WHAT THE TASK REQUIRES
Which lines run from the one containing "this 1280×1225 image." to the end of the listing below? Write them out exactly, both ends included, with nothing else.

RECORDS TO USE section start

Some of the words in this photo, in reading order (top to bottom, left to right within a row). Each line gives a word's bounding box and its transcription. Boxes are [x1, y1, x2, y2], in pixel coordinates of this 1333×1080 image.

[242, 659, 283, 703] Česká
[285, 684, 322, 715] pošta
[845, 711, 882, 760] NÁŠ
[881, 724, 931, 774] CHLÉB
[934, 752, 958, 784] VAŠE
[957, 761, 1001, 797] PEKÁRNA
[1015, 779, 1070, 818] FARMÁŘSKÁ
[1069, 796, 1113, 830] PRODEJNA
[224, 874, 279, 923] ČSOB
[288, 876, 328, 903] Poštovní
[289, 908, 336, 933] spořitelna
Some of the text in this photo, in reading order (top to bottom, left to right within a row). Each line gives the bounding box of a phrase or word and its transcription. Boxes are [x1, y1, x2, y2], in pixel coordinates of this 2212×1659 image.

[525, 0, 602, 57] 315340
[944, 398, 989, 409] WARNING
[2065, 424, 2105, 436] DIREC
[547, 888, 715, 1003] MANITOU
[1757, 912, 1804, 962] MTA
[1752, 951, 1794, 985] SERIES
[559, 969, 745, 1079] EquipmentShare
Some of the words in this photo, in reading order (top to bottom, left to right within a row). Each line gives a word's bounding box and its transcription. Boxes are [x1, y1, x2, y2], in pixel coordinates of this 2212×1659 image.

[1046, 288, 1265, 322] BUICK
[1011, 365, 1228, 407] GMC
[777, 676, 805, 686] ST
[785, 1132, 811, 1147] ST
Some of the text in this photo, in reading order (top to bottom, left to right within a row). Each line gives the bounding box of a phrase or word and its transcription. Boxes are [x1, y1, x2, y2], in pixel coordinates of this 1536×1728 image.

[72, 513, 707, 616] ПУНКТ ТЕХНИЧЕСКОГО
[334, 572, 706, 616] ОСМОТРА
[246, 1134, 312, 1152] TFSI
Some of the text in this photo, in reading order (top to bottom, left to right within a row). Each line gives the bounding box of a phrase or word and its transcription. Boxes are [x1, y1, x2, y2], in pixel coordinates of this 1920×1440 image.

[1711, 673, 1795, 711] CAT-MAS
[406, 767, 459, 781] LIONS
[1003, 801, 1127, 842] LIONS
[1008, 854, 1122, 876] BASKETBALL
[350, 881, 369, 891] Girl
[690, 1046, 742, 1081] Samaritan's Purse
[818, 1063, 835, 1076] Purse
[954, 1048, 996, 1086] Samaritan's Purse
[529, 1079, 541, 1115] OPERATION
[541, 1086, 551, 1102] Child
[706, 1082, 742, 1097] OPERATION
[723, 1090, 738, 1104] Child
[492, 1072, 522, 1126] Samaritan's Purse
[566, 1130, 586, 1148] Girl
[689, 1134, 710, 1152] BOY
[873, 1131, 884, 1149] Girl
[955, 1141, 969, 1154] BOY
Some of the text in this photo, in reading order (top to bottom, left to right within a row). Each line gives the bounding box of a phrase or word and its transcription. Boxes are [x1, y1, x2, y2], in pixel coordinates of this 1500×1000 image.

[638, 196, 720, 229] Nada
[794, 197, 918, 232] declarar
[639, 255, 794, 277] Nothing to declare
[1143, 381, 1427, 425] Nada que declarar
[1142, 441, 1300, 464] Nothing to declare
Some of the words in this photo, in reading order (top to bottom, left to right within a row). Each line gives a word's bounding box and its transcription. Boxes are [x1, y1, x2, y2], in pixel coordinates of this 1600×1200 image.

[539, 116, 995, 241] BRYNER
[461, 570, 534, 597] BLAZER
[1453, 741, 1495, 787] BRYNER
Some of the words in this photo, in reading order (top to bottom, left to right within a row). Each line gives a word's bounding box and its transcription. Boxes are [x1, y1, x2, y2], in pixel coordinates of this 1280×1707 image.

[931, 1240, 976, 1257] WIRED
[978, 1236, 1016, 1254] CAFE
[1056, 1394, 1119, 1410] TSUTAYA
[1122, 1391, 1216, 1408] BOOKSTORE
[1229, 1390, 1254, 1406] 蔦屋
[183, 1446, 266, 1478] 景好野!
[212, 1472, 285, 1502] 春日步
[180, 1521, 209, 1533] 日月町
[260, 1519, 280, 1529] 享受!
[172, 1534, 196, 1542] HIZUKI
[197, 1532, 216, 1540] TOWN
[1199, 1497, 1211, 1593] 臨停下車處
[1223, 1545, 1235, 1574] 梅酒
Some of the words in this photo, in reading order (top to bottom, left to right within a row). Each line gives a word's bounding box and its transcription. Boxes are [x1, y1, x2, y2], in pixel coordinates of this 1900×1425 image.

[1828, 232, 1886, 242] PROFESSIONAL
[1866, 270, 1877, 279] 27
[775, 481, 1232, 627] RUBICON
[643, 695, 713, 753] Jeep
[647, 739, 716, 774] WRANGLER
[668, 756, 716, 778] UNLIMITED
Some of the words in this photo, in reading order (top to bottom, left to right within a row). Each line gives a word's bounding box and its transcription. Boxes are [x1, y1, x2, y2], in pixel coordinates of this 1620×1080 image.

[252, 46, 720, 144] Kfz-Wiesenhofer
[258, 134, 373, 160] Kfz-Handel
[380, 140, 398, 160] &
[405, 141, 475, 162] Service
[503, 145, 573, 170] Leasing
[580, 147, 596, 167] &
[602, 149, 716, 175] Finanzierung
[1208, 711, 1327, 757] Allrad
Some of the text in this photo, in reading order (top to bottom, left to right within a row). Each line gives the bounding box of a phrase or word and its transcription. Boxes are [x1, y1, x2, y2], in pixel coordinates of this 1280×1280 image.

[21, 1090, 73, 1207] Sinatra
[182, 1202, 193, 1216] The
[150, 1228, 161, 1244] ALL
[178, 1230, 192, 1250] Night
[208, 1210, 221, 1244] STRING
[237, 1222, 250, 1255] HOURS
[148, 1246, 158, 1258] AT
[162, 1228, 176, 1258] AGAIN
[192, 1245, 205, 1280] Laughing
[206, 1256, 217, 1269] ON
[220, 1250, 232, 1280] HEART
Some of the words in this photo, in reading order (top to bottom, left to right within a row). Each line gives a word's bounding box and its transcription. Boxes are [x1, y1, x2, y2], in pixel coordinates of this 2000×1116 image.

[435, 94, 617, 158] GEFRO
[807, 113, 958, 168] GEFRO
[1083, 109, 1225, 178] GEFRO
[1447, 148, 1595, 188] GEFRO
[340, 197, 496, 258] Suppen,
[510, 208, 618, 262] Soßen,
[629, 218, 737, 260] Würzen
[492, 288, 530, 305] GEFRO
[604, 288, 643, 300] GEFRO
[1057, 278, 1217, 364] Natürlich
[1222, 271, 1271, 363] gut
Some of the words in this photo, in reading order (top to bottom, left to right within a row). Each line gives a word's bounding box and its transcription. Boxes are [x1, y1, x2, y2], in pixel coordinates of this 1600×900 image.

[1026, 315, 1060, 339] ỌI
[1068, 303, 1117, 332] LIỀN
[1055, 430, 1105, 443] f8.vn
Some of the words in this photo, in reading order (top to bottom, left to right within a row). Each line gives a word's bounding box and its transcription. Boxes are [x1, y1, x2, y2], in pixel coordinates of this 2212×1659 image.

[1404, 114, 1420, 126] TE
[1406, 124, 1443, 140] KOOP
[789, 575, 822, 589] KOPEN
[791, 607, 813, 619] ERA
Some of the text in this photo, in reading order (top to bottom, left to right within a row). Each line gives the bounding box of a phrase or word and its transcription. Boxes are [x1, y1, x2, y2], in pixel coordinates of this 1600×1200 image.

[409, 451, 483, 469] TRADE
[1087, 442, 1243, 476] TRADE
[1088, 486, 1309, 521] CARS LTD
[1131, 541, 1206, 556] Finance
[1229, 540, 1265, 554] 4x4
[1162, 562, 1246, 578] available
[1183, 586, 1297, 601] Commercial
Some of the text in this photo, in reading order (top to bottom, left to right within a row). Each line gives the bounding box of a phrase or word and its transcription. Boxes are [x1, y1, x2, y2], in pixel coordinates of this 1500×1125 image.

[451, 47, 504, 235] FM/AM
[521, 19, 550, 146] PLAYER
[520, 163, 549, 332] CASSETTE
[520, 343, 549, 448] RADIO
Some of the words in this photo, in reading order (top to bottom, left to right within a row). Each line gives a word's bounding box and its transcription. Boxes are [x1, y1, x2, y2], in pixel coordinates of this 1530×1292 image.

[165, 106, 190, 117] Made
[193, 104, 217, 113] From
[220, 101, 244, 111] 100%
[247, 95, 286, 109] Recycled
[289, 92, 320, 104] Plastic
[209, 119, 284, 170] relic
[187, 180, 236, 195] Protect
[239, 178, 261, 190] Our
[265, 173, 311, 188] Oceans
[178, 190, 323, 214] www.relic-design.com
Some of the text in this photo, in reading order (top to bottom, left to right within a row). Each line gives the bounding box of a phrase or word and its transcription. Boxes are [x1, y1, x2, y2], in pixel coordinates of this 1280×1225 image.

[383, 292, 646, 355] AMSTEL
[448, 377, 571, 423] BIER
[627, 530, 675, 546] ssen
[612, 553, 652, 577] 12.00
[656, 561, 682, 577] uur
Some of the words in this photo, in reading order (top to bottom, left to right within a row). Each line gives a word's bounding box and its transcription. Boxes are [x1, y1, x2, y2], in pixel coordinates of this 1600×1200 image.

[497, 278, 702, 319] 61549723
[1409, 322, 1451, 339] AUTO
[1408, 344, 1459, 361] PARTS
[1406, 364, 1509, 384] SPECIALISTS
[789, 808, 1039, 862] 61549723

RECORDS TO USE section end

WRITTEN RESPONSE
Some of the text in this photo, in reading order (top to bottom, left to right within a row). Each line gives the bounding box of a phrase or word and its transcription. Boxes are [x1, y1, x2, y2], in pixel coordinates of this 1280×1225 image.

[383, 292, 646, 355] AMSTEL
[448, 377, 571, 423] BIER
[627, 530, 675, 546] ssen
[612, 553, 652, 577] 12.00
[656, 561, 682, 577] uur
Some of the words in this photo, in reading order (top to bottom, left to right within a row). Each line gives a word's bounding box and its transcription. Boxes are [x1, y1, x2, y2], in pixel coordinates of this 1600×1200 image.

[497, 278, 702, 319] 61549723
[1409, 322, 1451, 339] AUTO
[1408, 344, 1459, 361] PARTS
[1406, 364, 1509, 384] SPECIALISTS
[789, 808, 1039, 862] 61549723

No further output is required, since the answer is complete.